• EXERCISE AIM: Drop every picture and give the entries back exactly.

• TASK INPUTS:
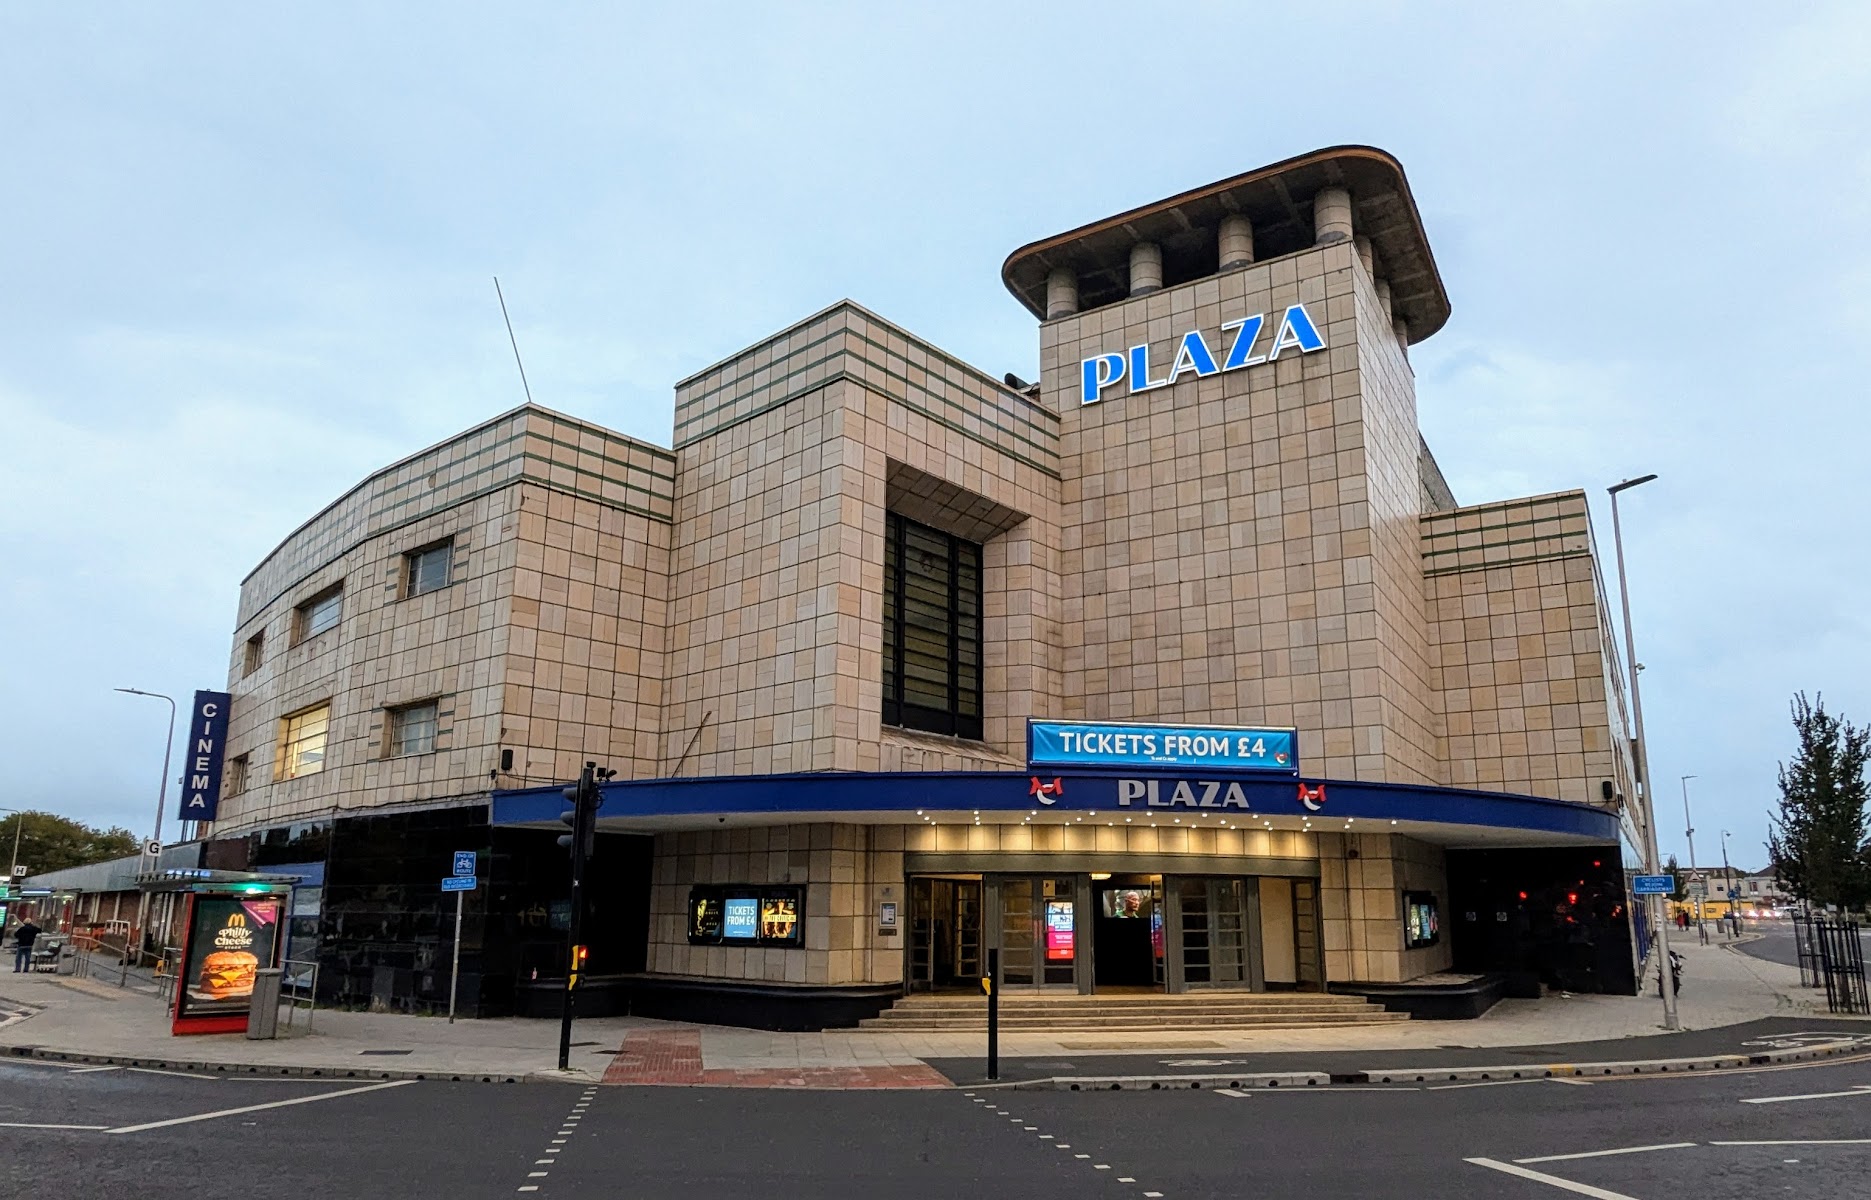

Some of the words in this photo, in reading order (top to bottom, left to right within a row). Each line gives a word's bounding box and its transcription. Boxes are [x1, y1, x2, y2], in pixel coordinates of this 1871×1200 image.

[1081, 303, 1327, 406] PLAZA
[1059, 732, 1157, 756] TICKETS
[1165, 735, 1229, 757] FROM
[1237, 737, 1267, 758] £4
[188, 703, 218, 808] CINEMA
[1118, 779, 1250, 809] PLAZA
[149, 842, 160, 854] G
[16, 867, 24, 875] H
[728, 906, 755, 915] TICKETS
[727, 915, 745, 926] FROM
[746, 915, 755, 926] £4
[218, 927, 253, 938] Philly
[214, 937, 253, 946] Cheese

• YOUR RESPONSE:
Some of the words in this photo, in reading order (top to bottom, left to right within a row). Each line gives a word's bounding box and its transcription. Boxes are [x1, y1, x2, y2], in pixel coordinates of this 1871×1200 image.

[1081, 303, 1327, 406] PLAZA
[1059, 732, 1157, 756] TICKETS
[1165, 735, 1229, 757] FROM
[1237, 737, 1267, 758] £4
[188, 703, 218, 808] CINEMA
[1118, 779, 1250, 809] PLAZA
[149, 842, 160, 854] G
[16, 867, 24, 875] H
[728, 906, 755, 915] TICKETS
[727, 915, 745, 926] FROM
[746, 915, 755, 926] £4
[218, 927, 253, 938] Philly
[214, 937, 253, 946] Cheese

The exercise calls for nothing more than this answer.